Excluding any images, copy all of the lines below precisely as written.
━━━━━ Material to process
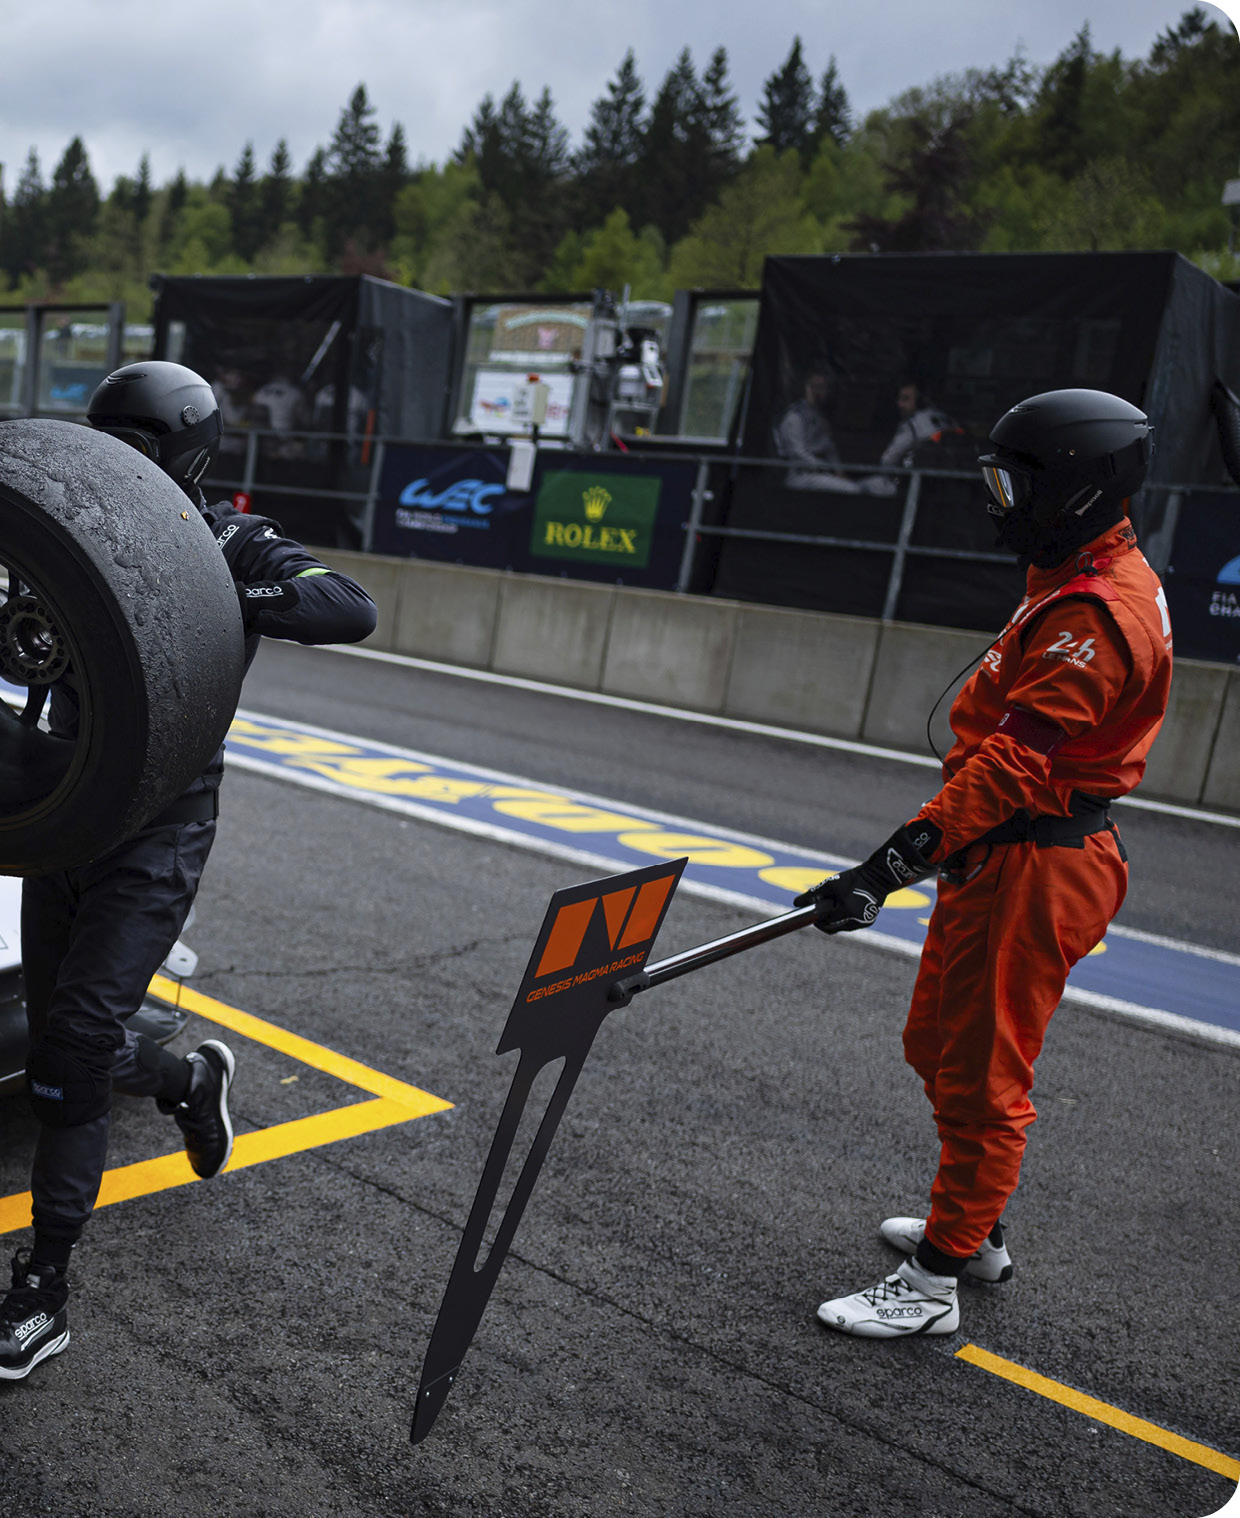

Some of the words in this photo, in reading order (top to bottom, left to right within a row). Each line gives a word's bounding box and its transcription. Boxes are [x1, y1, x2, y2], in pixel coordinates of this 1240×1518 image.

[399, 477, 508, 515] WEC
[544, 521, 637, 554] ROLEX
[1042, 651, 1057, 661] LE
[526, 977, 573, 1003] GENESIS
[572, 965, 609, 987] MAGMA
[609, 951, 646, 974] RACING
[14, 1312, 48, 1341] sparco
[876, 1306, 923, 1320] sparco
━━━━━━━━━━
- [Answer for this exercise]
Some of the words in this photo, in reading order (top to bottom, left to right within a row). Each line gives a word's bounding box and its transcription. Boxes are [x1, y1, x2, y2], in pixel coordinates of this 1240×1518 image.

[399, 477, 508, 515] WEC
[544, 521, 637, 554] ROLEX
[1042, 651, 1057, 661] LE
[526, 977, 573, 1003] GENESIS
[572, 965, 609, 987] MAGMA
[609, 951, 646, 974] RACING
[14, 1312, 48, 1341] sparco
[876, 1306, 923, 1320] sparco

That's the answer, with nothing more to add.